EP1301726A1

EP1301726A1 - Electromagnetically actuated, single-surface friction coupling, without a rotor slip ring

Info

Publication number: EP1301726A1
Application number: EP01957967A
Authority: EP
Inventors: Rudolf Schneider; Helmut Fronius
Original assignee: ZF Friedrichshafen AG
Current assignee: ZF Friedrichshafen AG
Priority date: 2000-07-20
Filing date: 2001-07-14
Publication date: 2003-04-16
Also published as: WO2002008627A1; US6827189B2; US20040104095A1

Abstract

The invention relates to an electromagnetically actuated single-surface friction coupling without a rotor slip ring. Said coupling comprises: a rotor element (2), a fixed magnet body (6) and a well-shaped armature element (28) which can be displaced in an axial manner. A cylindrical jacket section (28B) of the armature element (28) extends along the external jacket surface (12) of the magnet body (6) and is separated from the latter by a narrow radial air-gap. A working air-gap (S), which can be bridged, is situated between the armature element (28) and a friction surface (30) of the rotor element. To maintain the lowest possible inertia torque for the power take-off, the rotor element (2) is located on the power take-off side and the armature element (28) is located on the drive side.

Description

Electromagnetically operated, slip ring-free single-face friction clutch

The invention relates to an electromagnetically actuated, slip ring-free single-face friction clutch with a cup-shaped anchor element.

An electromagnetically actuated friction clutch with such an anchor element is shown in the unpublished DE 199 51 630. This coupling has a rotatably mounted rotor element, a fixed magnetic body with a magnet coil and a rotatable, but axially displaceably mounted, pot-like anchor element. The anchor element has an annular disk-shaped area and a cylindrical jacket-shaped area. The armature element dips into an annular groove of the magnet body with a cylinder-shaped region, it being possible for magnetic flux to be transmitted via a narrow, radial air gap. This type of electromagnetically actuated clutches is inexpensive to manufacture, requires little space and is highly reliable. Such a coupling is suitable for hand-held impact drills for selectively coupling or uncoupling the drive motor from the output side

Drilling tool. The coupling responds to high loads and / or deflection movements of the housing of the impact drill, such as occur when the drilling tool gets caught. This can avoid a risk of injury to the machine operator. The coupling described in DE 199 51 630 is intended to be installed in an impact drill in such a way that the rotor element is constantly driven by the drive motor and the armature element. ment is constantly connected to the drilling tool or the drilling tool holder.

It has been shown that, owing to translations on the output side, after the clutch has been released until the elements on the output side have come to a complete standstill, undesirable reaction moments still act on the housing of the impact drill.

Another problem is that after the clutch has been triggered, the output side with the drilling tool comes to a standstill almost immediately, the drive side of the clutch and the drive motor after a break in the power supply to the drive motor, due to the stored angular momentum, for a few seconds lags. The machine is only ready for operation again when the drive motor has come to a standstill. Because usually after a release operation quickly the work is to be included with the drill again, the time until the ^'standstill side drive elapses, is perceived as unbearably long.

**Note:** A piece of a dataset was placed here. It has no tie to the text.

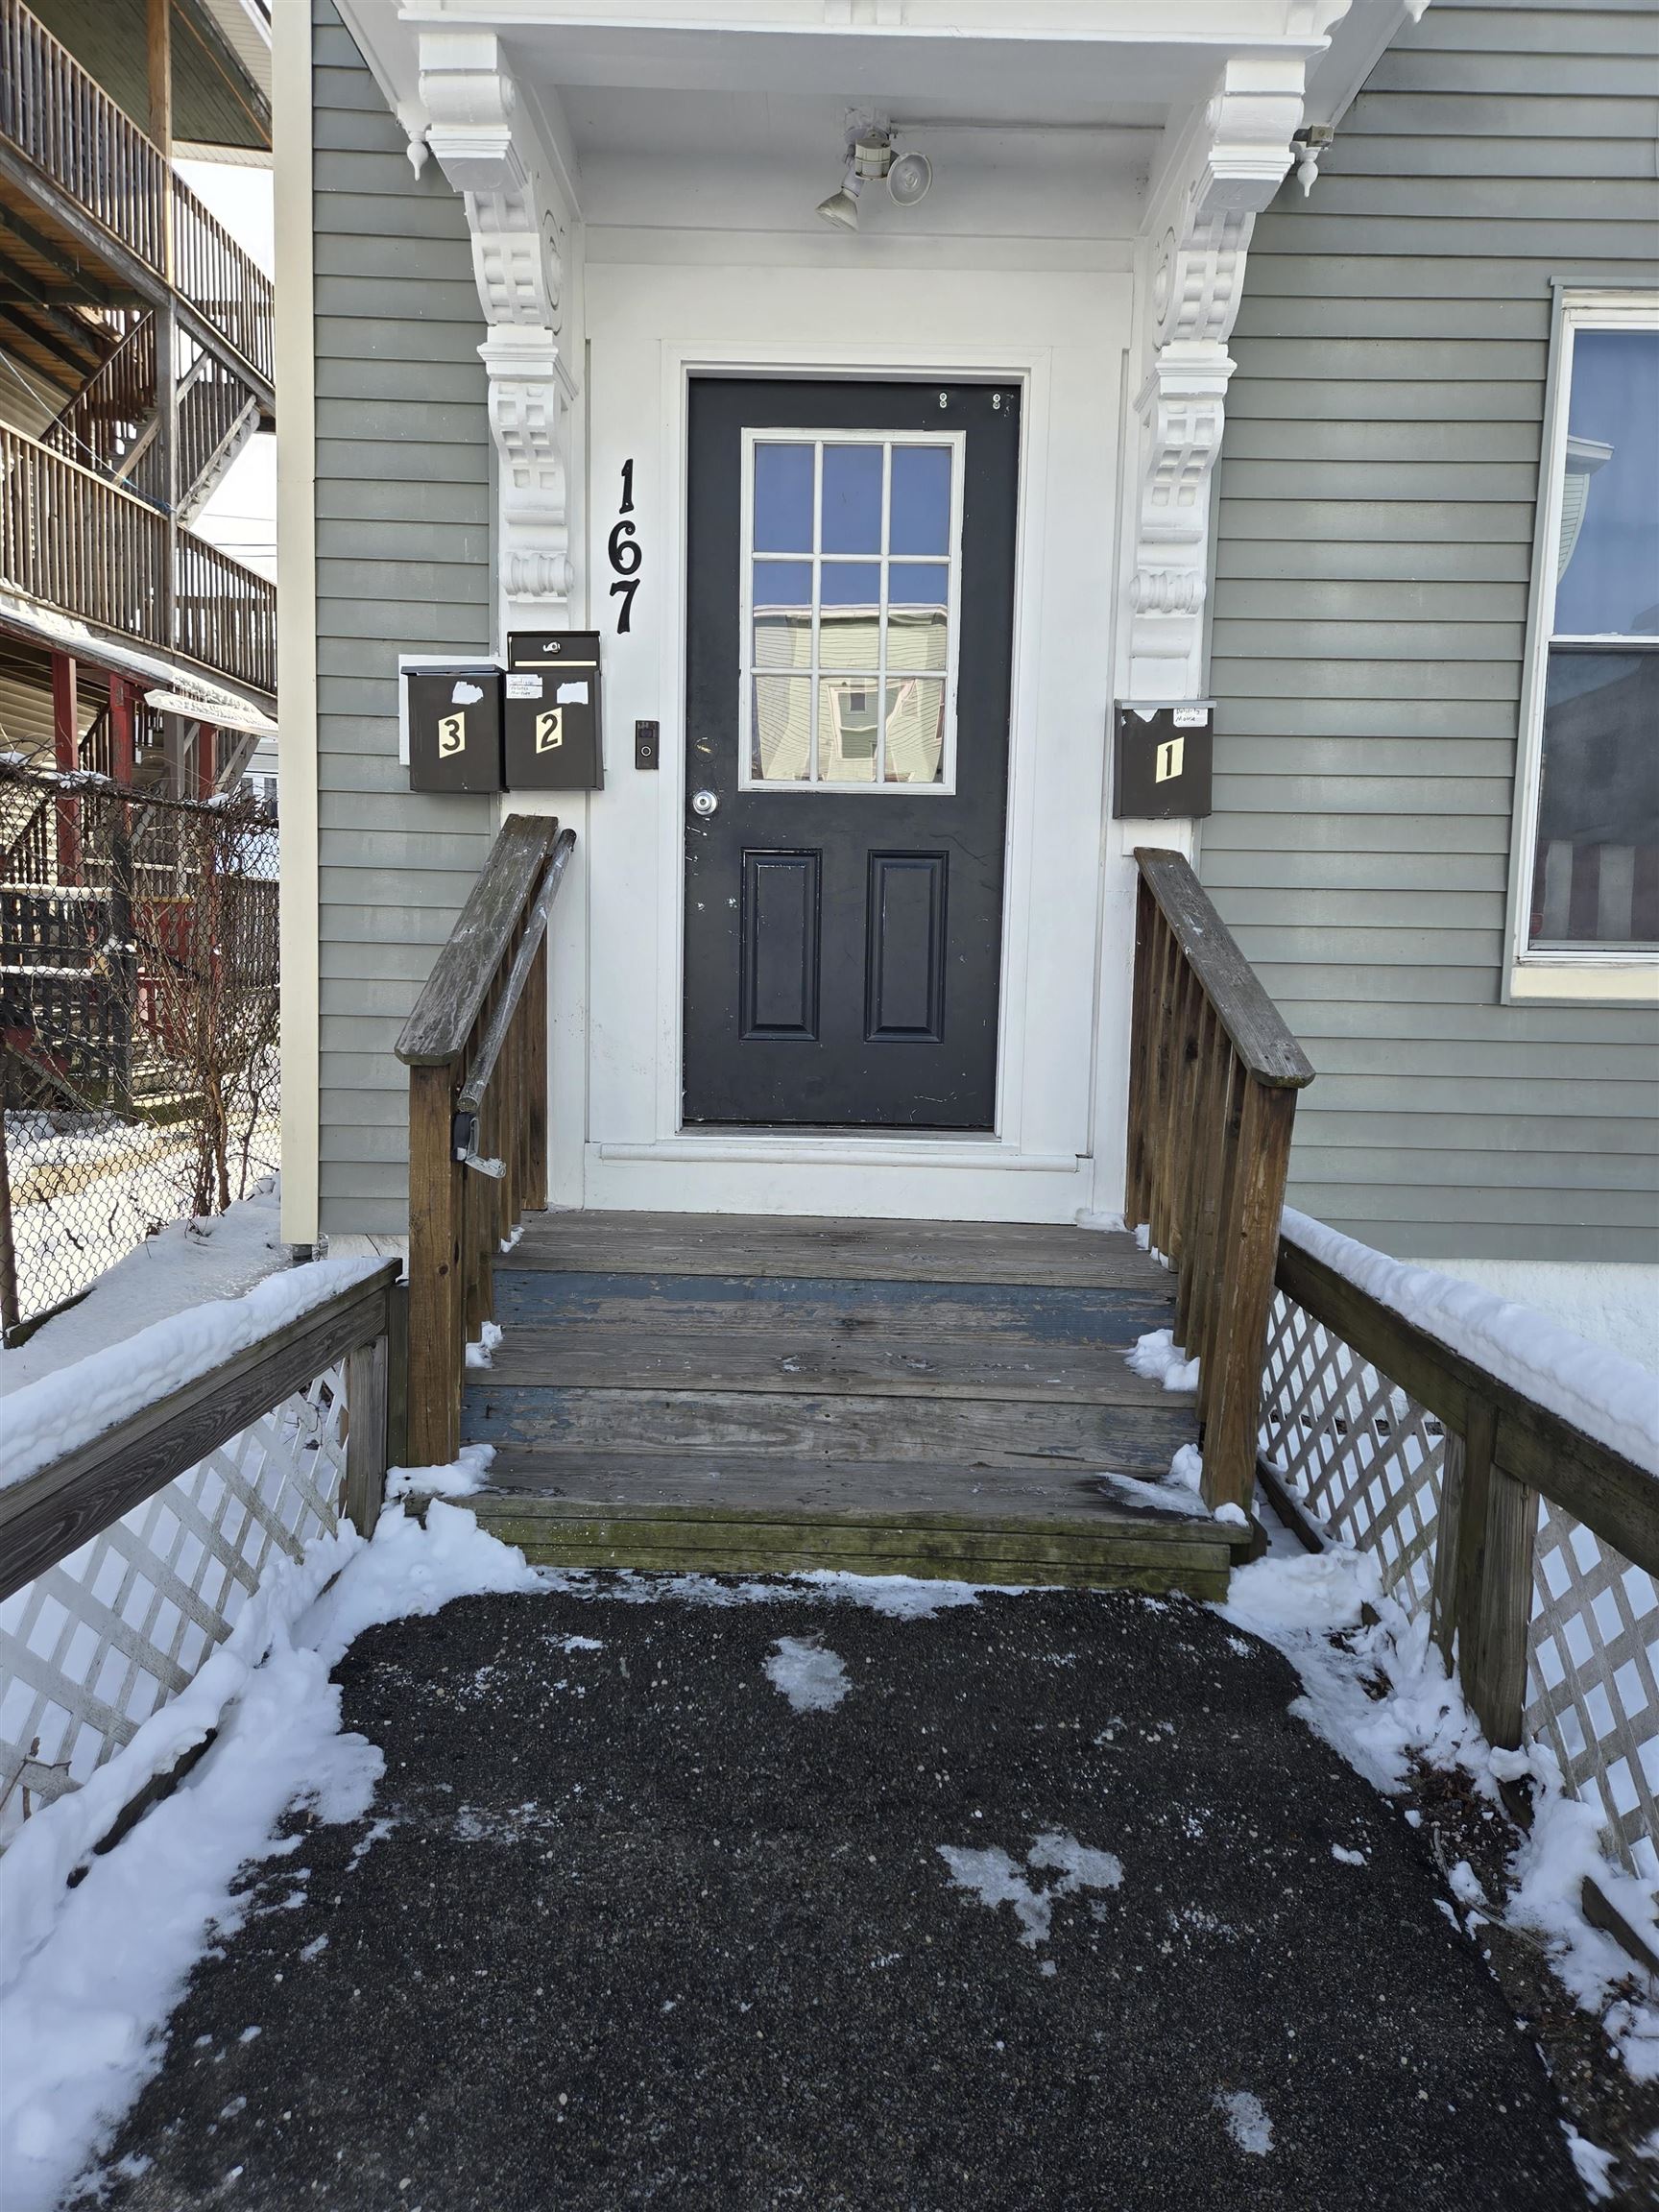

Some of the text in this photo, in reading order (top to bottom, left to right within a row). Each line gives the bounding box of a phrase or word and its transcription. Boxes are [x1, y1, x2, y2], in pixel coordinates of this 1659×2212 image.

[608, 458, 642, 635] 167
[442, 718, 461, 752] 3
[541, 713, 559, 749] 2
[1166, 743, 1173, 777] 1

The invention is therefore based on the object of reducing the undesirable reaction moments which can still occur after the clutch has been released to a minimum. The clutch should also be able to be further developed in such a way that the time until the drive side comes to a standstill after a triggering process.

This object is achieved by an electromagnetically actuated, slip ring-free single-face friction clutch with the features of the main claim. Accordingly, the rotor element is on the output side and the armature element is on the drive side. arranged on the side. Due to the shape of the pot, the anchor element on its cylindrical surface at a large distance from the center of rotation has considerable portions of its total mass and therefore has a large moment of inertia. In contrast, the rotor element has a smaller diameter and lower mass fractions that are far from the center of rotation. It therefore has a much smaller mass moment of inertia, which means that the angular momentum that has to be reduced on the output side after the clutch is released is much smaller. Tear out of a hand-held tool after the clutch has been released is reduced to a minimum.

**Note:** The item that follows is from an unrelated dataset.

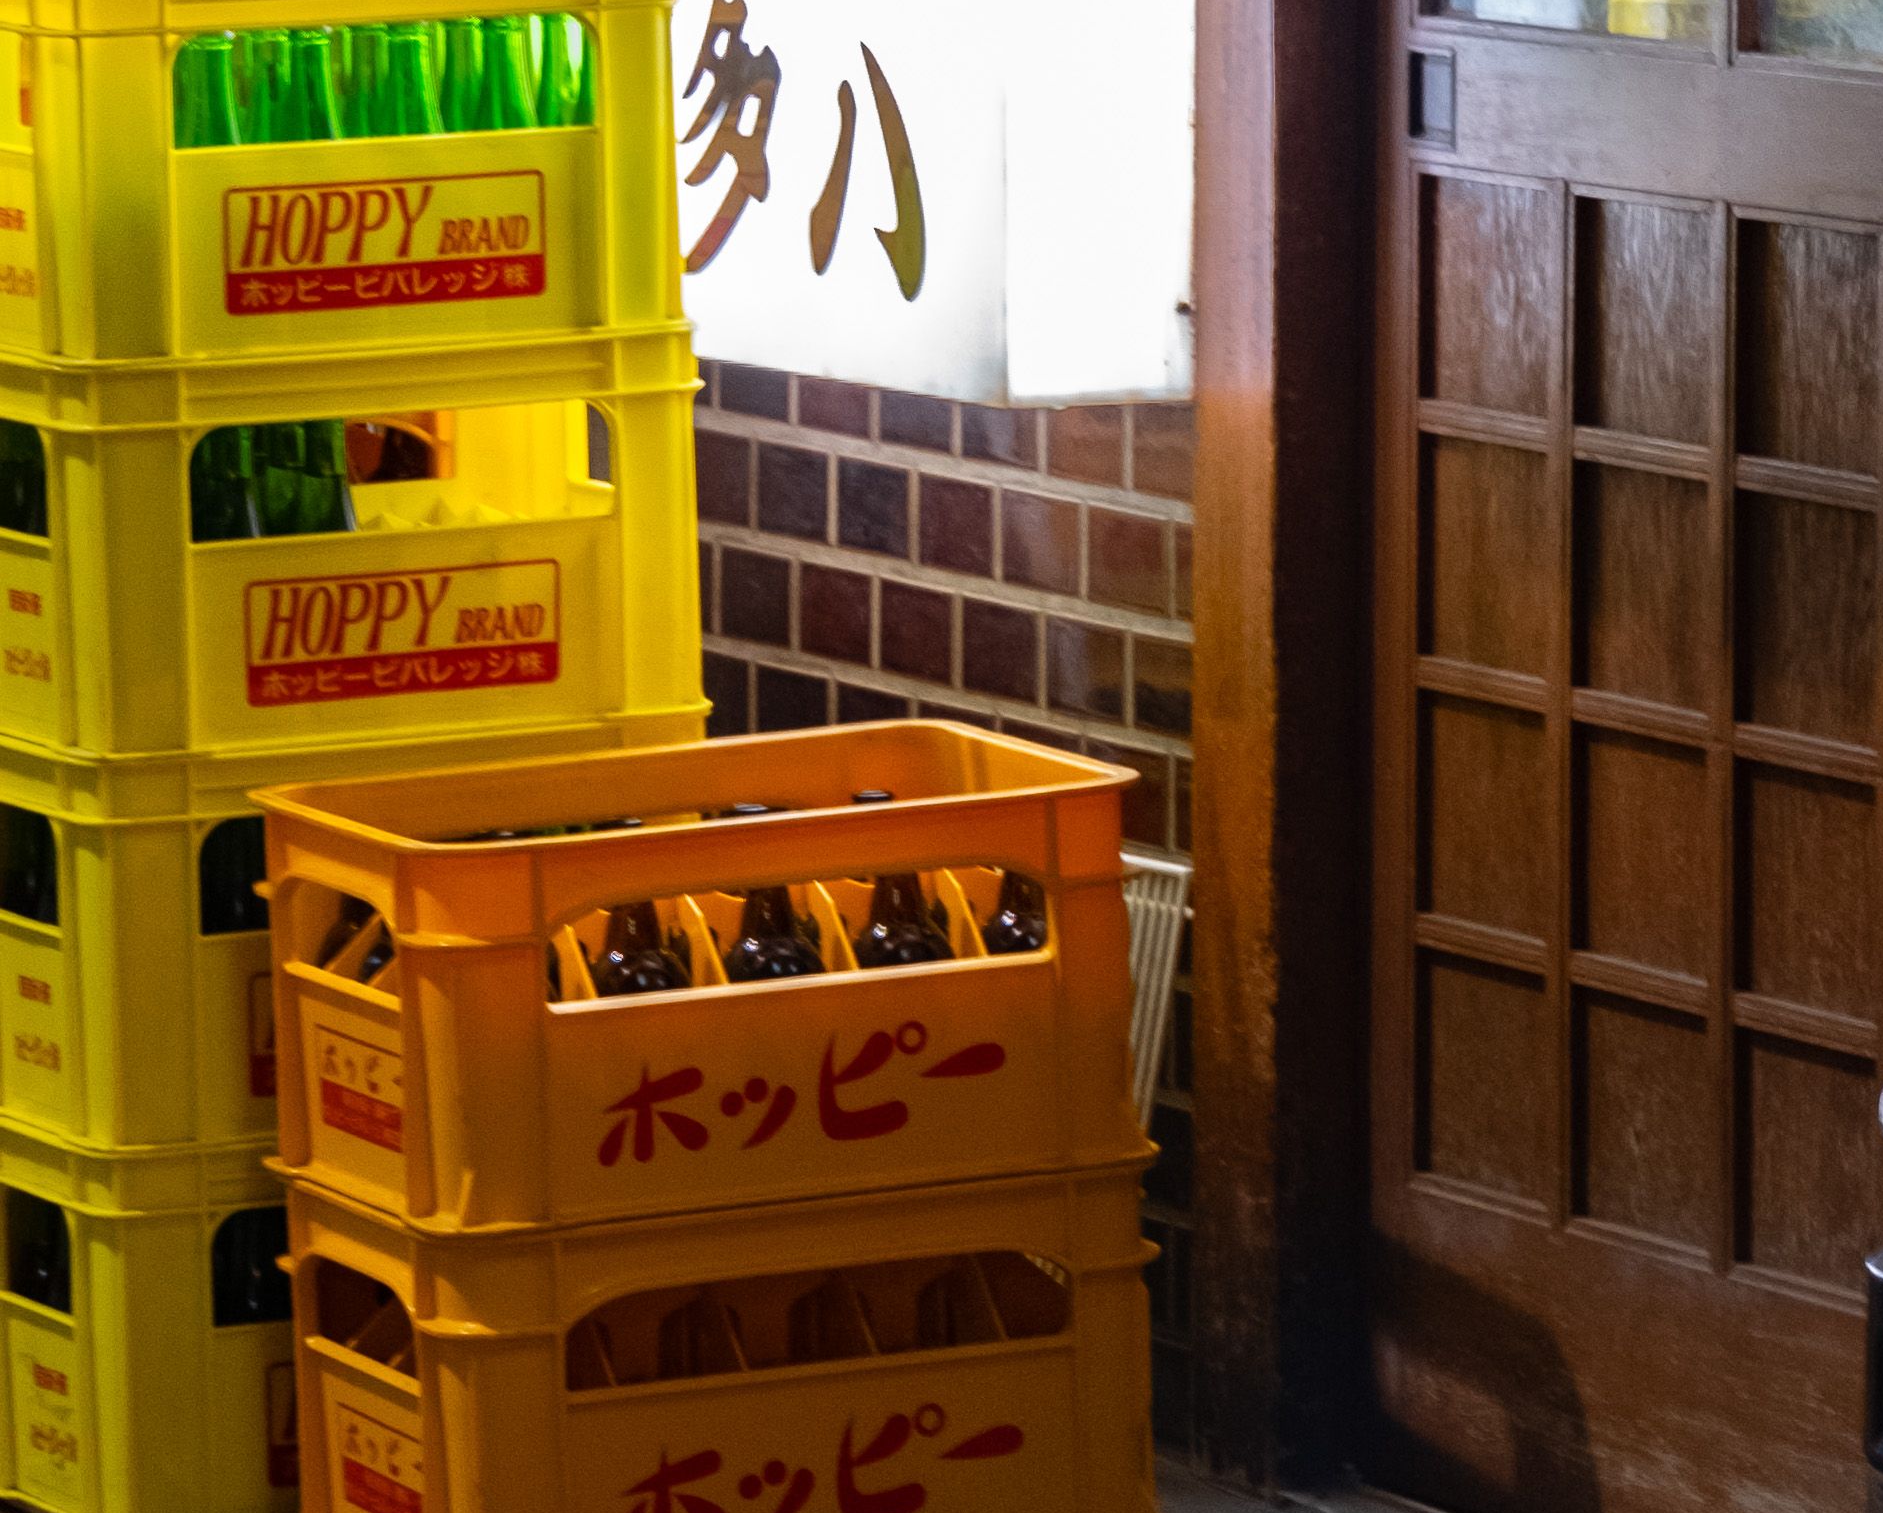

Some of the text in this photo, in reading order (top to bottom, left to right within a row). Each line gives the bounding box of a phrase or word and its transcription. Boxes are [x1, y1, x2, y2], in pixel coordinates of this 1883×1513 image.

[239, 185, 531, 268] HOPPY BRAND
[259, 575, 546, 661] HOPPY BRAND
[598, 1020, 1006, 1168] ホッピー

In an advantageous embodiment of the invention, the friction surface of the rotor element is assigned to the side of the annular disk-shaped region of the armature element, which lies opposite the region of the armature element in the form of a cylinder jacket. When the clutch is in the switched state, the friction surface of the rotor element lies, so to speak, outside the cup-shaped armature on the pot bottom, the rotor element lying essentially outside the axial installation space occupied by the armature element. The rotor element is therefore very close to the output side, which enables a short, output-side shaft with a correspondingly small moment of inertia.

In accordance with the higher drive moment of inertia of the clutch, a higher drive-side angular momentum remains in the system after a triggering process. In order to shorten the time until the drive side comes to a standstill after a triggering process, in an advantageous embodiment of the invention the anchor element can be axially displaced between two end positions, it being in the the first end position is frictionally coupled to the rotor element and in the second end position is frictionally connected to a stationary brake ring.

This embodiment can advantageously be developed in that the armature element is connected or connectable to an armature shaft by means of an axially deflectable spring element, the armature element being biased axially against the brake ring by the spring element. In the de-energized state, which prevails after the clutch has been triggered, this brake, which is formed by simple means, is actuated by the biasing force of the spring element. In particular ^¬ sondere in combination with an embodiment in which the friction surface of the rotor element is assigned to the side of the ringschei- benförmigen portion of the anchor element which faces the cylinder jacket-shaped portion of the anchor element, is provided with extremely simple means, a clutch-brake combination. The anchor element then has a friction surface at both axial ends. A friction surface is arranged on the ring disk-shaped area of the armature, so to speak on the bottom of the pot, opposite the rotor element and a friction surface on the end face of the cylinder jacket-shaped area opposite the brake ring. The friction surfaces of the rotor element and the brake ring form axial stops, between which the armature element can be moved back and forth.

A space-saving design of the coupling is characterized in that a flange is provided on the armature shaft for connection to the spring element, which carries the armature element, which conducts a magnetic flux between the magnet body and the rotor element in the case of a current-carrying magnet coil. If a first part of the flange extends axially along an inner circumferential surface of the magnet body with a narrow radial air gap and a second part of the flange comprises a hub of the rotor element with a narrow radial air gap, the magnetic flux can in each case with little over the narrow radial air gaps

Loss between the parts rotating at different speeds. In addition to the function of mechanically coupling the armature element to the drive-side armature shaft, the flange also fulfills the function of magnetically coupling the rotor element to the magnet body.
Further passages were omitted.